While mainstream media -- in highly partisan fashion -- continues to beat their political tom-toms over Russia costing Hillary Rodham Clinton the presidency, a new analysis has uncovered one of many infinitely more credible reasons for Clinton’s loss.

Rust Belt study shows the thumping Clinton received

An analytical study published today in the Washington Post that was conducted by the labor market advisory firm Emsi and focused on Michigan, Ohio, Minnesota, Wisconsin, Indiana and Pennsylvania found that 437 counties in those six states picked Donald Trump over Clinton.

The reason is clearly economics, since those Rust Belt states most often vote for Democrats in presidential races. They all have a higher-than-average participation rate in blue-collar manufacturing, mining, and agricultural industries. These states are home to significantly more Democrats than Republicans, and some hadn't gone for a Republican in 16 years. Nevertheless, Trump carried their counties by an indisputable landslide, winning 437 out of 489 counties.

It was the economy

The President-elect’s pro-job message turned gaggles of Democrats into Republican voters in November, particularly in regions where blue-collar industries are concentrated. Manufacturing in 93 of the counties Trump won is about three times higher than the national average, this according to Josh Wright, one of the firm’s researchers in charge of the study.

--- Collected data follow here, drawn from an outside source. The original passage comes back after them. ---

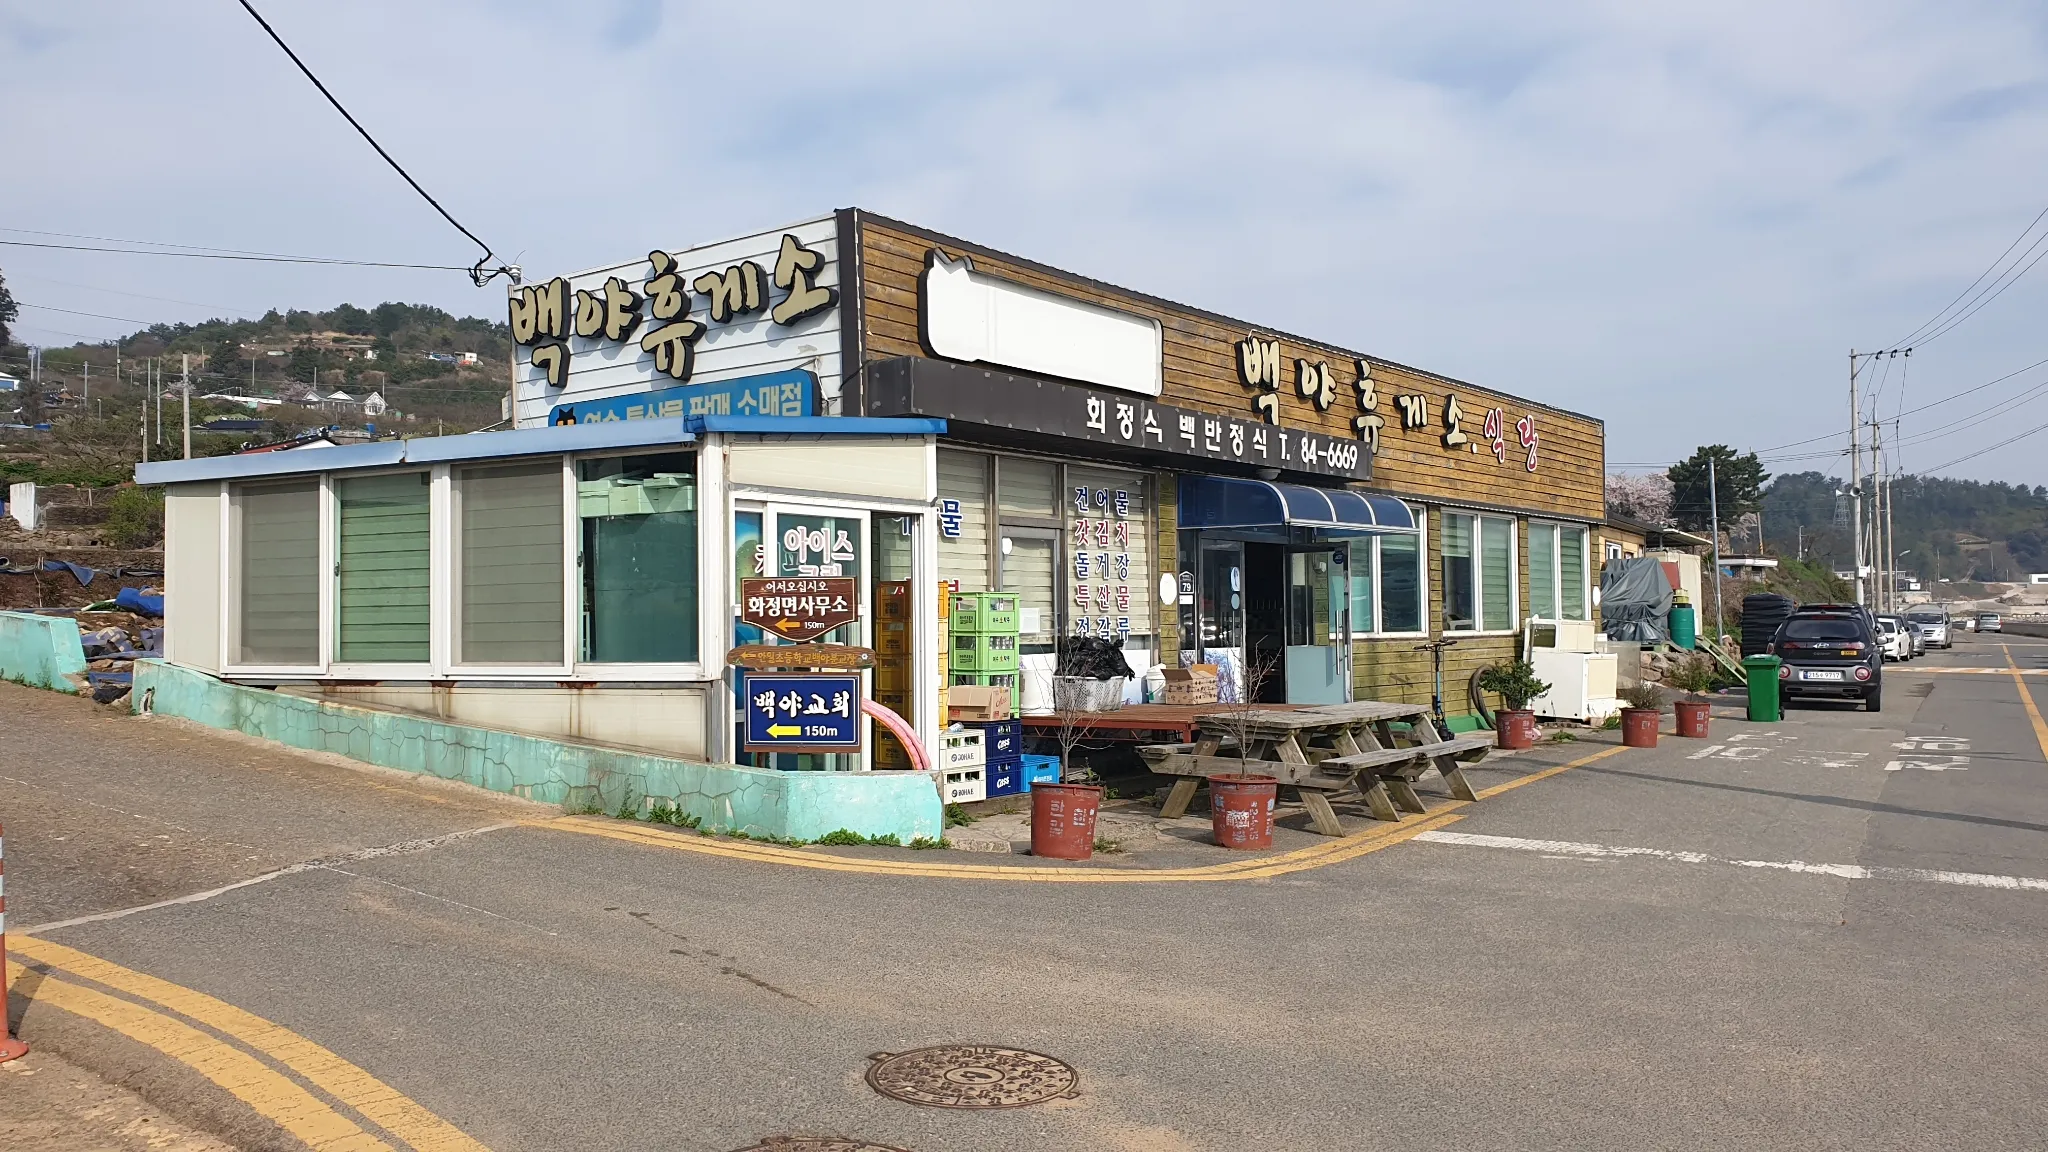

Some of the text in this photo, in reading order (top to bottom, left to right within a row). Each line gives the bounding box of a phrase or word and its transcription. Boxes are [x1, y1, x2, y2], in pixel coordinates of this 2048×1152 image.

[510, 234, 839, 388] 백야휴게소
[1086, 396, 1358, 470] 회정식 백반정식 T. 84-6669
[1484, 407, 1538, 472] 식당
[1074, 485, 1130, 516] 건어물
[784, 526, 855, 564] 아이스
[1074, 519, 1130, 548] 갓김치
[1074, 552, 1131, 580] 돌게장
[765, 580, 829, 593] 어서오십시오
[1074, 584, 1131, 612] 특산물
[1181, 583, 1191, 592] 79
[748, 596, 849, 617] 화정면사무소
[804, 621, 825, 630] 150m
[753, 690, 851, 719] 백야교회
[804, 725, 838, 737] 150m

Trump won all 93. Hindsight suggests Hillary Clinton should have inherently understood that in the Rust Belt, it's all about the economy. Some pundits say Clinton was distracted by her email scandals, others say she was out of touch, but month after month the Democrat failed to deliver a simple economic message. At the same time, Trump hammered his job creation message home at every turn, in nearly every campaign speech, and voters were listening.

"His message struck a chord with a lot of people in that region," Wright said. "There's a nostalgic sense of wanting to hold onto jobs that are hard to keep in the long term."

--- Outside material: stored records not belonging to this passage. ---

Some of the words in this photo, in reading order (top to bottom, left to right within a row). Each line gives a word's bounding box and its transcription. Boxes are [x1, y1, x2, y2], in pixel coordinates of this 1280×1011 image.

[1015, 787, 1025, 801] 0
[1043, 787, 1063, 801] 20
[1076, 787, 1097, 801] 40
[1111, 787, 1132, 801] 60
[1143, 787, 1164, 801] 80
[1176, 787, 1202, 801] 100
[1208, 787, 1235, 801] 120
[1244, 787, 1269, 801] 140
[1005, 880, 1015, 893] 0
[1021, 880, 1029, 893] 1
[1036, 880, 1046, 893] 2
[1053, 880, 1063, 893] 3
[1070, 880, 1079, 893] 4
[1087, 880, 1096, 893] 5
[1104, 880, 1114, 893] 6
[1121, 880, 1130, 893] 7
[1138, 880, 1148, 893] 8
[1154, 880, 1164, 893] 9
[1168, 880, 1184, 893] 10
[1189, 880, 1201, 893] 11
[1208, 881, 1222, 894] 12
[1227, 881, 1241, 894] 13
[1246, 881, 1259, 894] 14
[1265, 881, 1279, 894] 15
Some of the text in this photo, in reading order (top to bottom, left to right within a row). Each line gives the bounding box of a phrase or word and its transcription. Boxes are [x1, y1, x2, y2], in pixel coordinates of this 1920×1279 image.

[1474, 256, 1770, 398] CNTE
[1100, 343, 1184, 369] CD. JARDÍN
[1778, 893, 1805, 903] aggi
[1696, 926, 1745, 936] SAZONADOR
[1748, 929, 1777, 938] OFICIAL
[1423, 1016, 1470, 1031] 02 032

For his part, Trump campaigned on bringing back American jobs to six Rust Belt states that have watched jobs go to right-to-work states and foreign countries for many years.

Meanwhile, Clinton seemed to include many blue-collar workers in her infamous “deplorables” speech, many who were Democrats already leaning Republican. While Clinton was calling millions of Americans names, Trump kept promising more jobs, more jobs, and more jobs. According to Wright, post-election exit polls and interviews suggest his strategy was right on the money.